Abstract:The activating E2F-transcription factors are best known for their dependence on the Retinoblastoma protein and their role in cellular proliferation. E2F3 is uniquely amplified in specific human tumours where its expression is inversely correlated with the survival of patients. Here, E2F3B interaction partners were identified by mass spectrometric analysis. We show that the SNF2-like helicase HELLS interacts with E2F3A in vivo and cooperates with its oncogenic functions. Depletion of HELLS severely perturbs the induction of E2F-target genes, hinders cell-cycle re-entry and growth.
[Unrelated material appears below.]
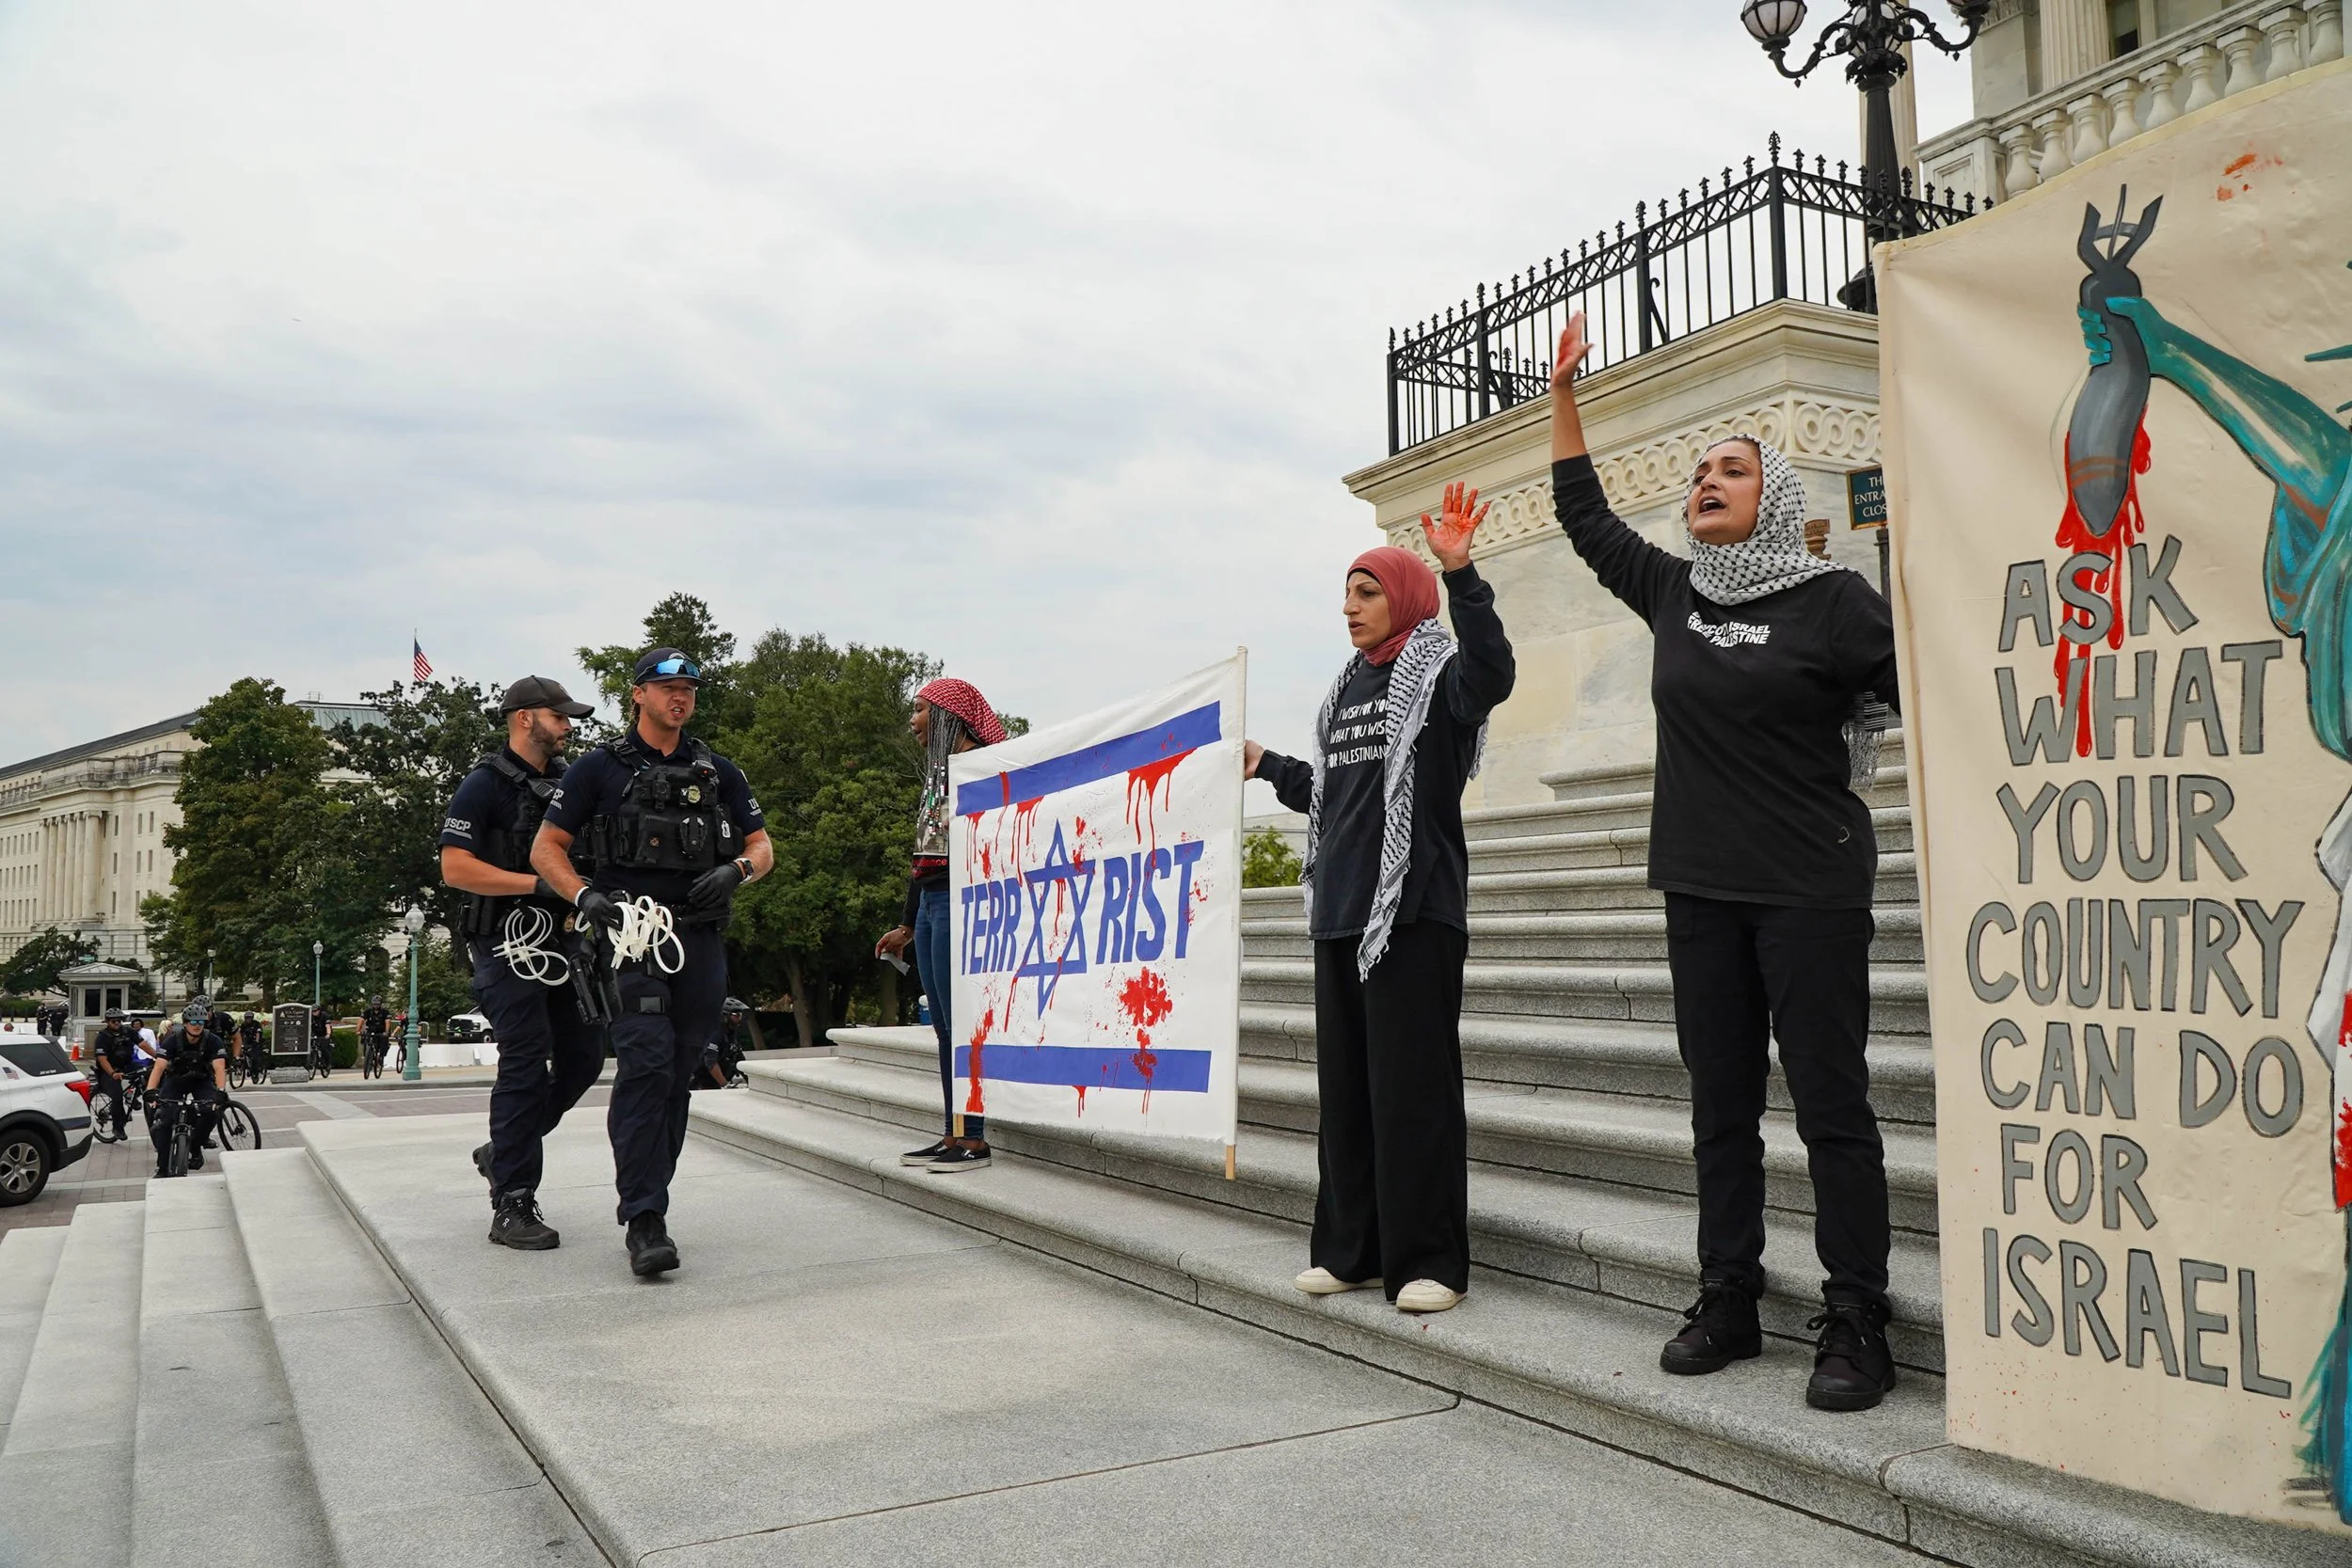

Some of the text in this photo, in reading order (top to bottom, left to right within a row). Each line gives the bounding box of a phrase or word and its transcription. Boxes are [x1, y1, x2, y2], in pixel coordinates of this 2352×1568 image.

Using chromatin immmunoprecipitation coupled to sequencing, we identified genome-wide targets of HELLS and E2F3A/B. HELLS binds promoters of active genes, including the trithorax-related MLL1, and co-regulates E2F3-dependent genes. Strikingly, just as E2F3, HELLS is overexpressed in human tumours including prostate cancer, indicating that either factor may contribute to the malignant progression of tumours. Our work reveals that HELLS is important for E2F3 in tumour cell proliferation.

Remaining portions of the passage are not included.